Heat pump devices exist that supply a high-frequency low voltage to a compressor during a shutdown during heating in order to improve the rising speed of the air conditioner when heating is started (for example, see Patent Literature 1). A similar technique is used in a heat pump device that supplies a single-phase AC voltage having a higher frequency than that at the time of a normal operation to a compressor when it is detected that the temperature of the air conditioner's surroundings becomes low (for example, see Patent Literature 2).
Moreover, in order to prevent the refrigerant retention phenomenon from occurring, a heat pump device exists that generates, as drive signals for a compressor motor, signals to be output with a predetermined static phase angle in the PWM output in a two-phase modulation system during the restricted energization for preheating the compressor (for example, see Patent Literature 3).
Patent Literature
Patent Literature 1: Japanese Unexamined Utility Model Registration Application Publication No. S60-68341
Patent Literature 2: Japanese Patent Application Laid-Open No. S61-91445
Patent Literature 3: Japanese Patent Application Laid-Open No. 2007-166766
The above Patent Literatures 1 and 2 disclose a technique facilitating a lubricating action in the compressor by heating the compressor or keeping the compressor warm by applying a high-frequency AC voltage to the compressor in response to a decrease in outside air temperature.
However, there is no detailed description in Patent Literature 1 of the high-frequency low voltage, and the output change, which depends on the stop position of the rotor, is not taken into consideration. Therefore, there is a problem in that the desired amount of heat for the compressor may not be obtained.
In contrast, there is a description in the above Patent Literature 2 of an application of a voltage from a high-frequency (e.g., 25 kHz) single-phase AC power supply and the effects, such as noise reduction due to being outside the audible range, vibration suppression due to not being the resonance frequency, input reduction and prevention of temperature increase due to the reduction in current by the amount of inductance in the winding, and rotation suppression of the rotating part of the compressor.
However, in the technique in Patent Literature 2, because a high-frequency single-phase AC power supply is used, a fully-off period, during which all the switching elements are off, is generated for a relatively long time as shown in FIG. 3 in Patent Literature 2. At this point, a high-frequency current is regenerated to the DC power supply without it flowing back to the motor via the freewheeling diodes and the current decays fast during the off-period; therefore, there is a problem in that a high-frequency current does not efficiently flow to the motor and thus the heating efficiency of the compressor degrades. Moreover, when a small motor having low iron loss is used, the amount of heat generation becomes small with respect to the applied voltage; therefore, there is a problem in that the necessary amount of heat cannot be obtained with a voltage that is within the usable range.

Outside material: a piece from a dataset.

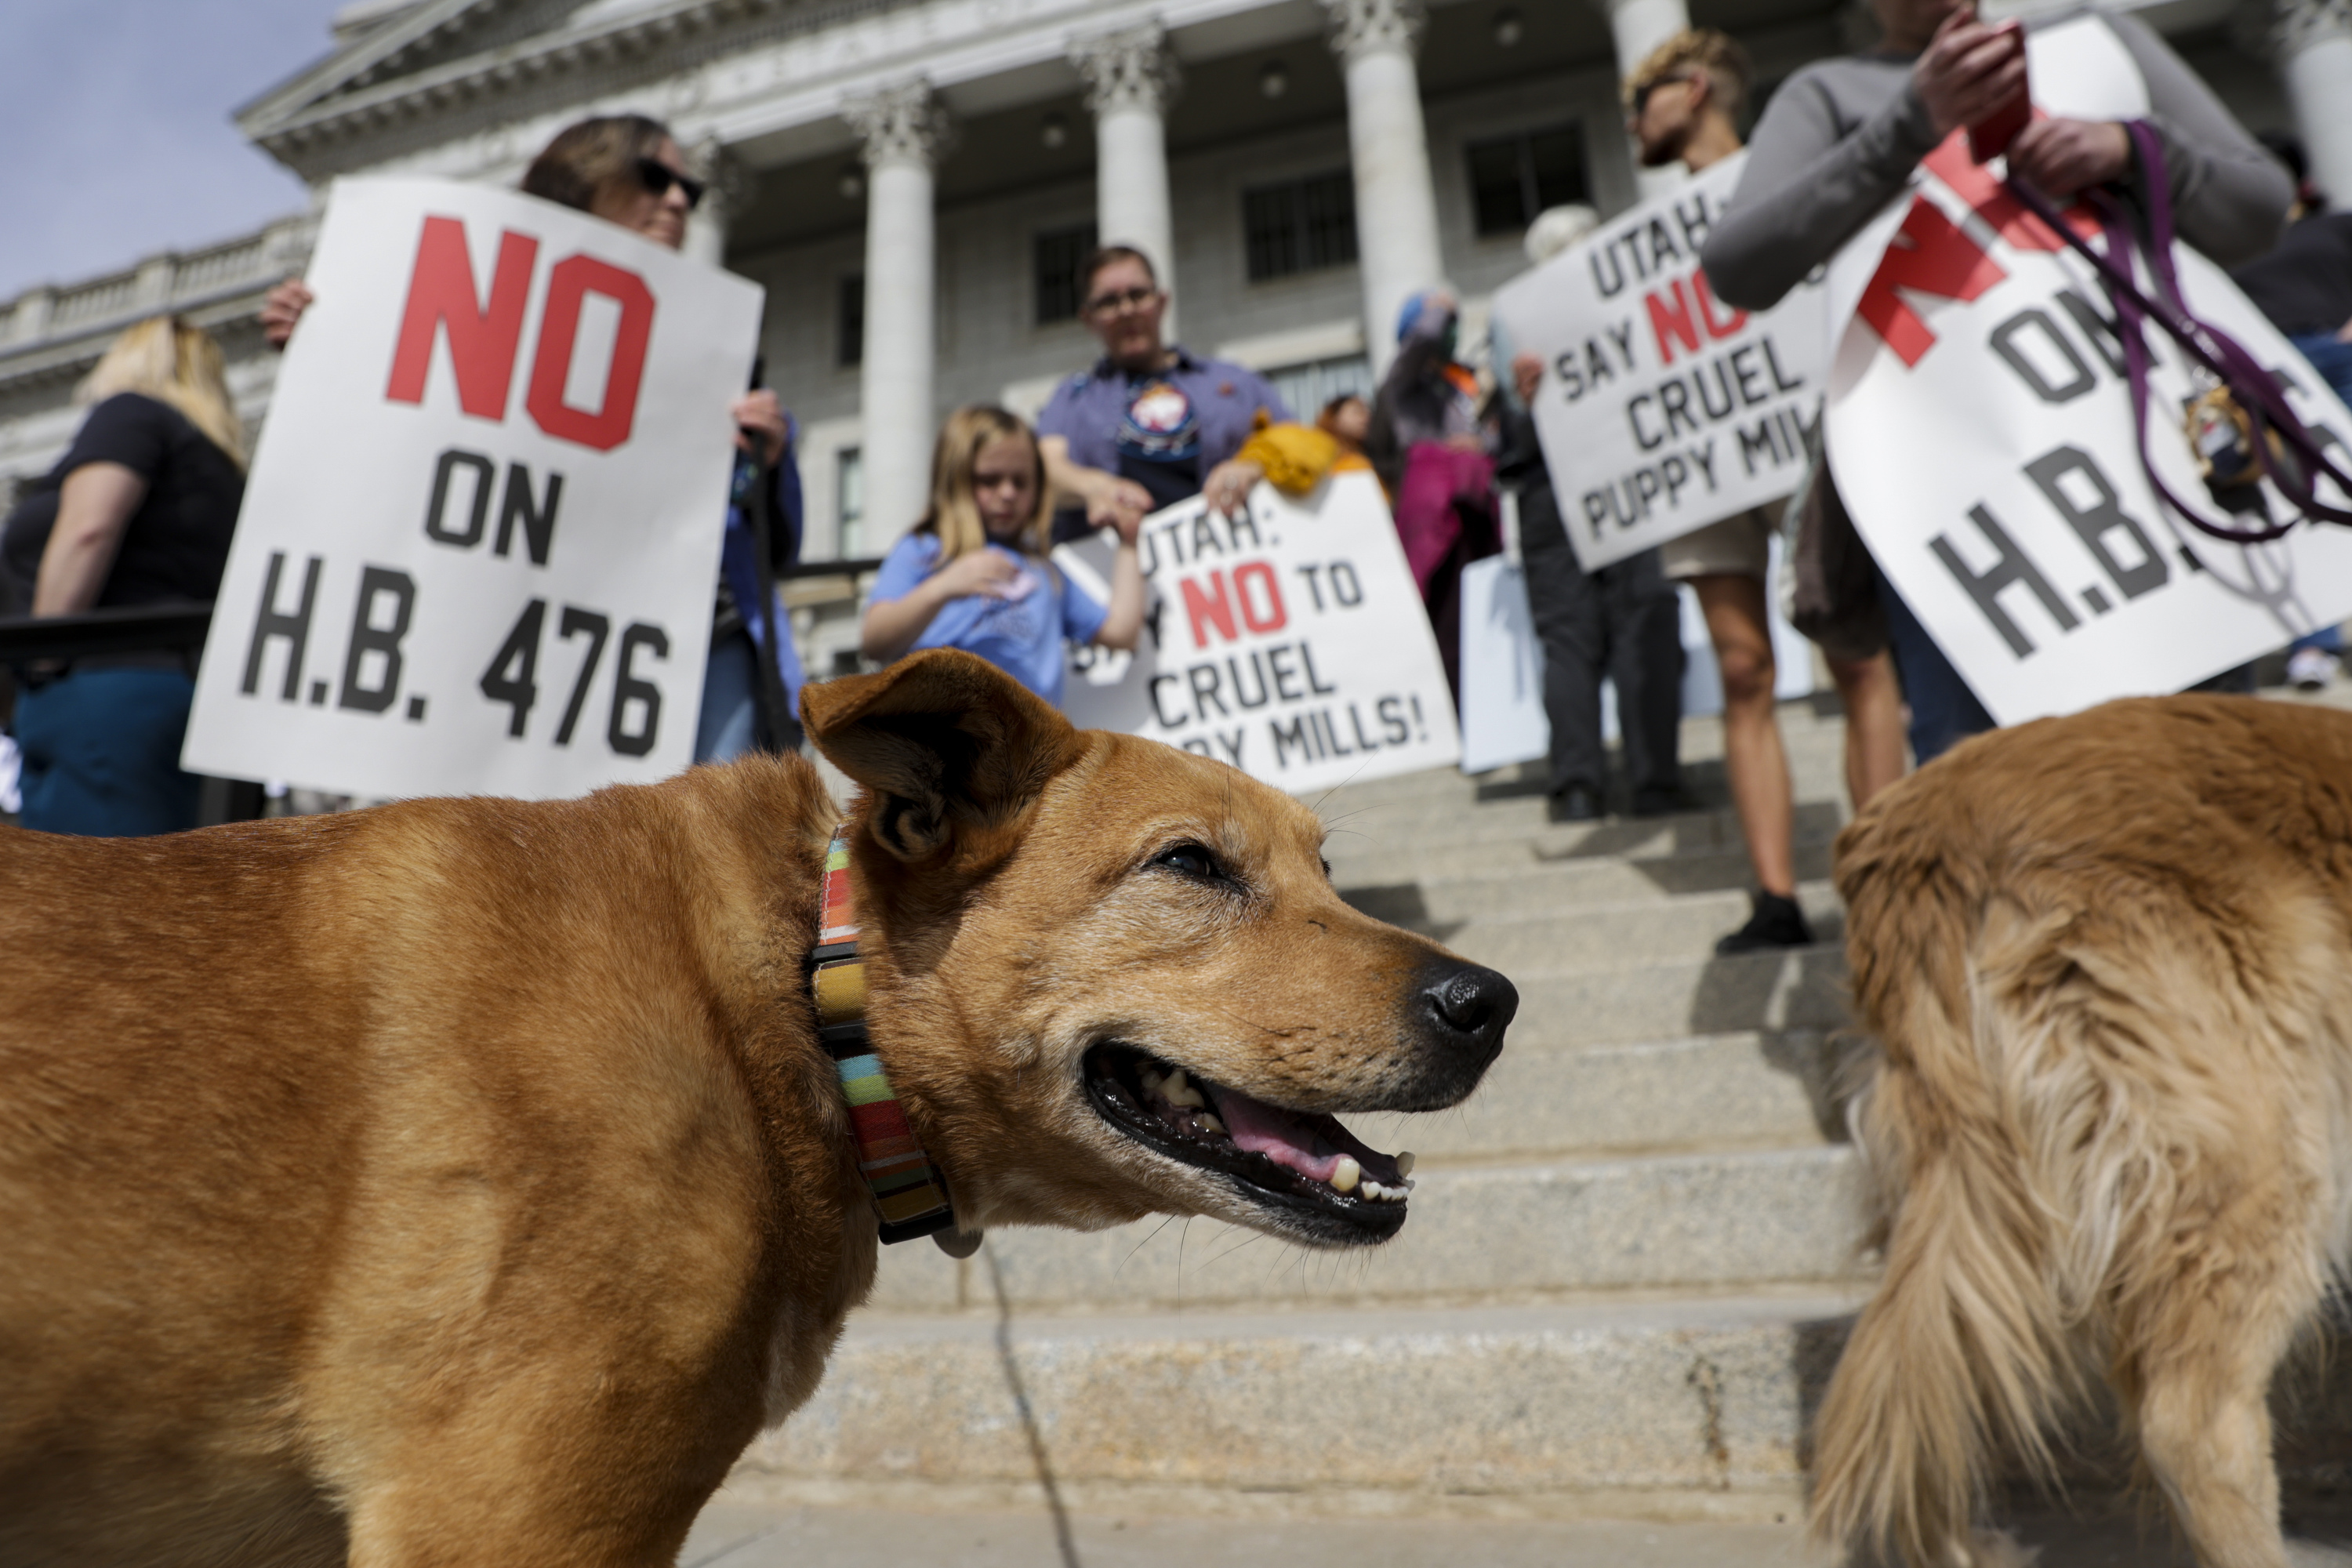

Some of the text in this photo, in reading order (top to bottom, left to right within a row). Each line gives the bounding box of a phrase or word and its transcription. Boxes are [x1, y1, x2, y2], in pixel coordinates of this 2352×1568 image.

Moreover, Patent Literature 3 discloses a technique of performing preheating such that the rotor does not rotate by performing restricted energization in which a DC current is caused to flow in the motor winding.
However, the winding resistance of a motor tends to decrease due to the highly efficient design of recent motors. Therefore, in the case of the preheating method of causing a DC current to flow in the motor winding as described in Patent Literature 3, because the amount of heat generation is given by the product of the winding resistance and the square of the current, the current is increased by the amount of reduction of the winding resistance. Consequently, a problem arises with the heat generation due to the increase of the inverter loss and also other problems arise such as a decrease in reliability and an increase in the cost of heat dissipation structures.